Exercise objective: The copy must match the data word for word and contain no pictures.

Data supplied:
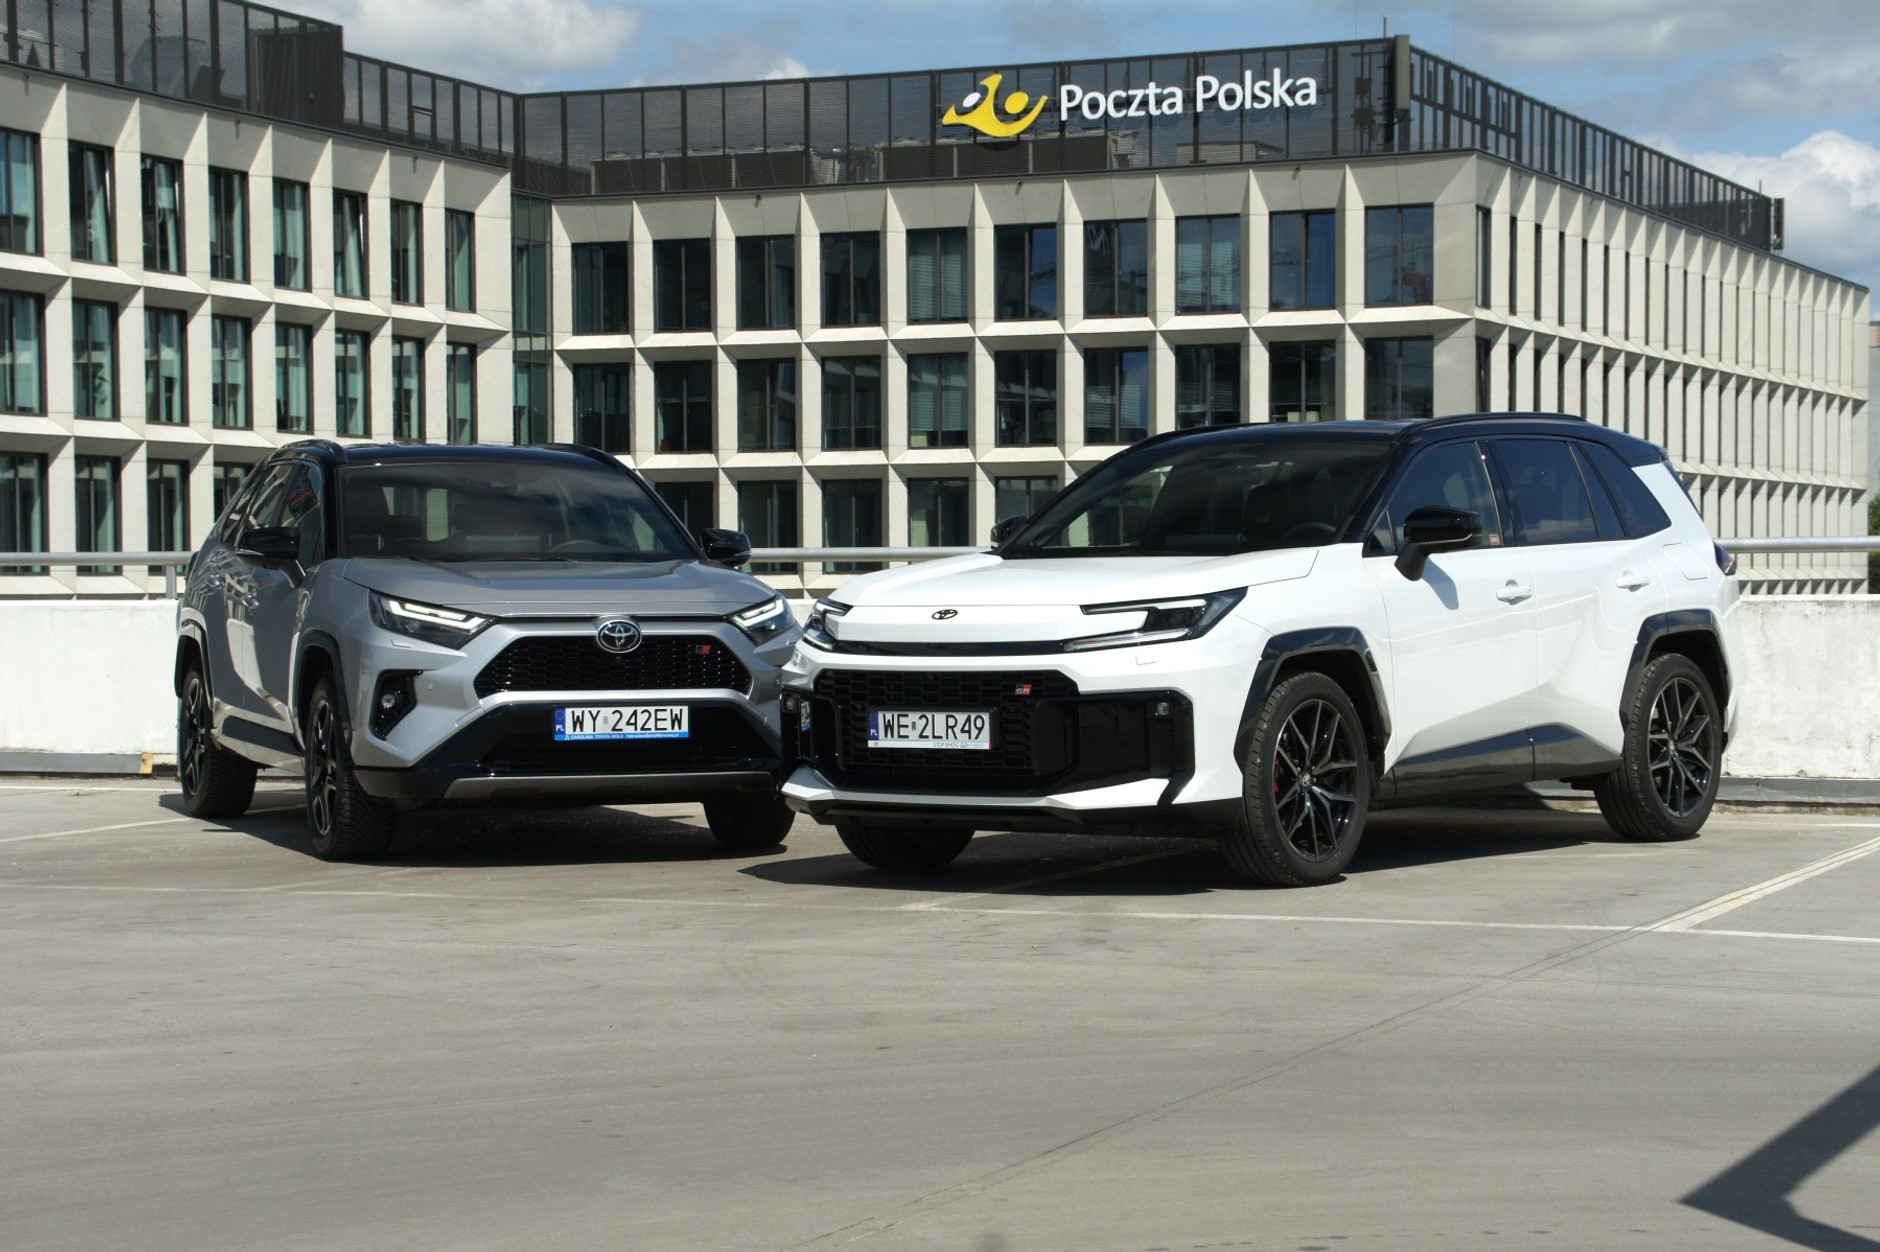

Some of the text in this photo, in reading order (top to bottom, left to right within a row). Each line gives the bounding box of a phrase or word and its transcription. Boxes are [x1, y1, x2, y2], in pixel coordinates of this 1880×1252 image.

[1060, 67, 1317, 121] Poczta Polska
[571, 708, 683, 732] WY 242EW
[883, 713, 985, 740] WE 2LR49
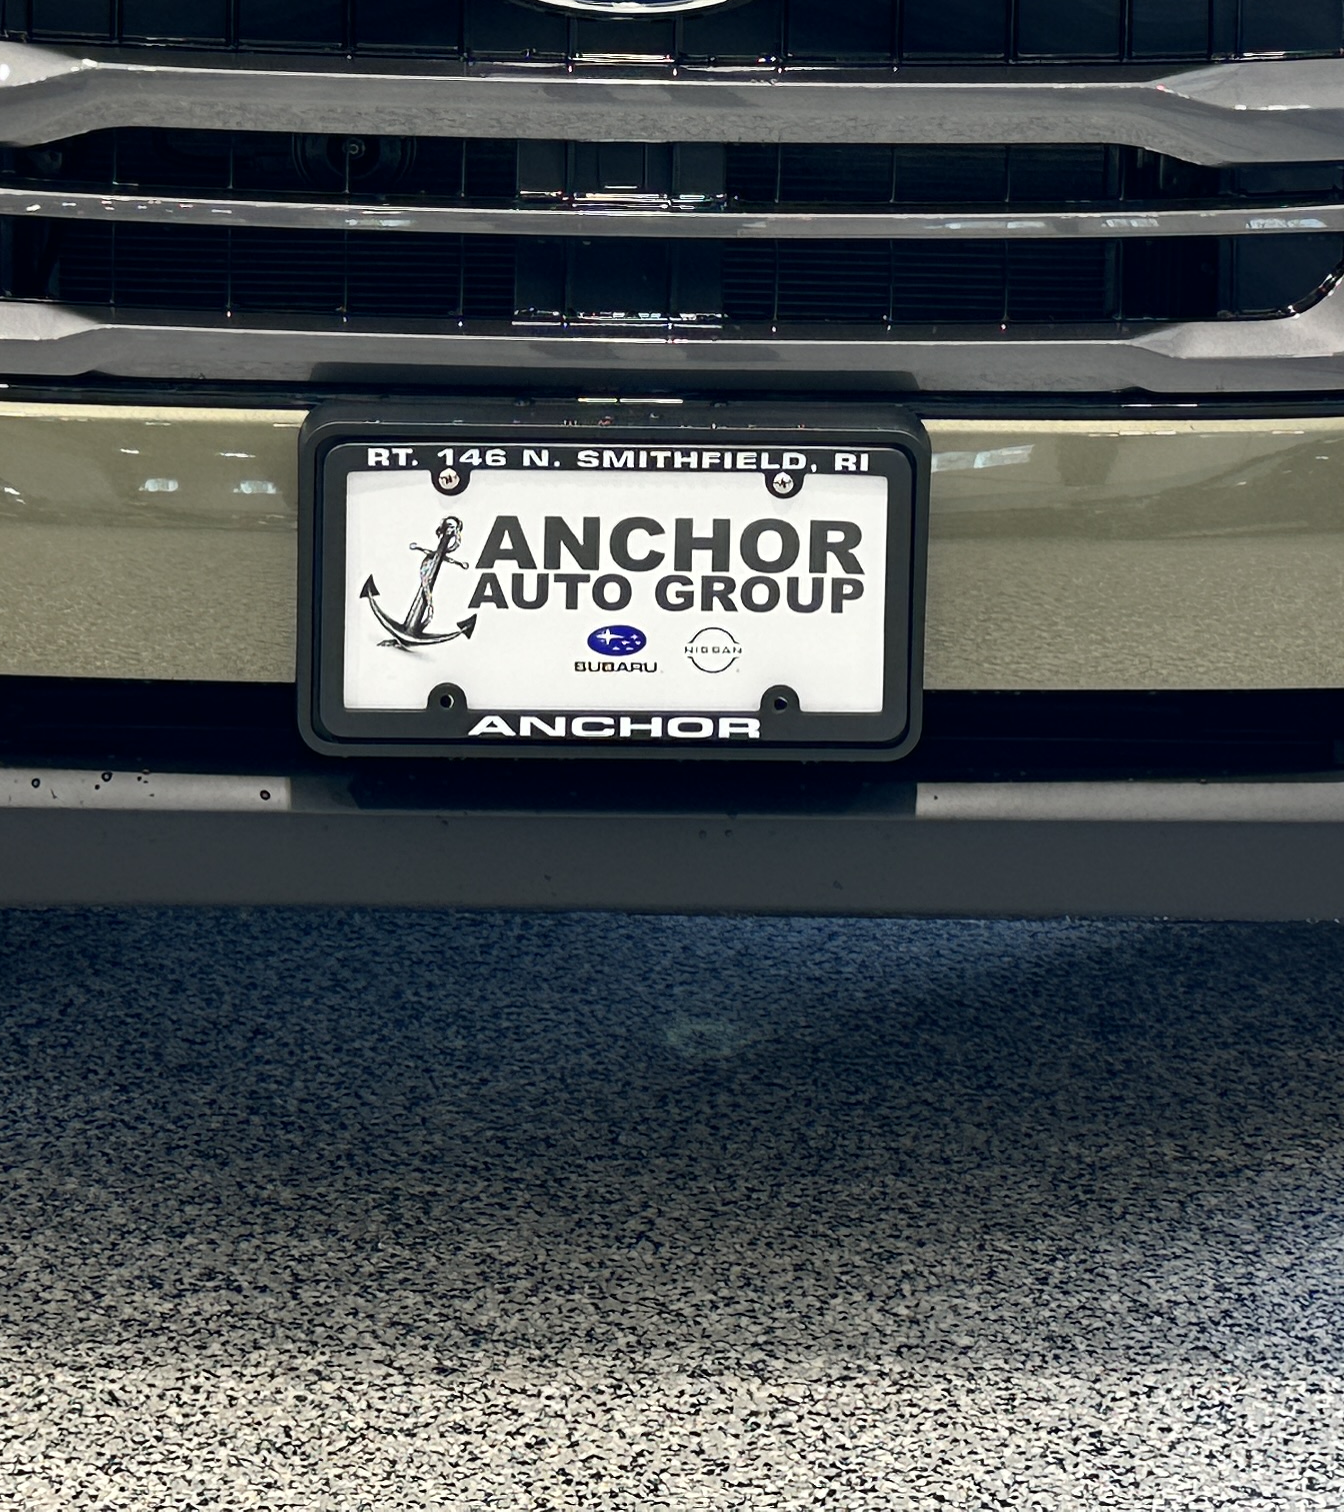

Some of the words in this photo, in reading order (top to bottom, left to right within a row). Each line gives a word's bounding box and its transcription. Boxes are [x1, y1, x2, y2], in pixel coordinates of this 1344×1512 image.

[367, 447, 420, 467] RT.
[437, 448, 507, 467] 146
[522, 448, 562, 468] N.
[577, 449, 818, 474] SMITHFIELD,
[835, 452, 870, 473] RI
[475, 515, 866, 575] ANCHOR
[467, 574, 633, 611] AUTO
[655, 576, 866, 614] GROUP
[684, 645, 743, 655] NISSAN
[574, 661, 658, 674] SUBARU
[467, 715, 762, 740] ANCHOR

Written answer:
Some of the text in this photo, in reading order (top to bottom, left to right within a row). Each line gives the bounding box of a phrase or word and its transcription. Boxes are [x1, y1, x2, y2], in pixel coordinates of this 1880×1252 image.

[1060, 67, 1317, 121] Poczta Polska
[571, 708, 683, 732] WY 242EW
[883, 713, 985, 740] WE 2LR49

Some of the words in this photo, in reading order (top to bottom, left to right within a row). Each line gives a word's bounding box and its transcription. Boxes are [x1, y1, x2, y2], in pixel coordinates of this 1344×1512 image.

[367, 447, 420, 467] RT.
[437, 448, 507, 467] 146
[522, 448, 562, 468] N.
[577, 449, 818, 474] SMITHFIELD,
[835, 452, 870, 473] RI
[475, 515, 866, 575] ANCHOR
[467, 574, 633, 611] AUTO
[655, 576, 866, 614] GROUP
[684, 645, 743, 655] NISSAN
[574, 661, 658, 674] SUBARU
[467, 715, 762, 740] ANCHOR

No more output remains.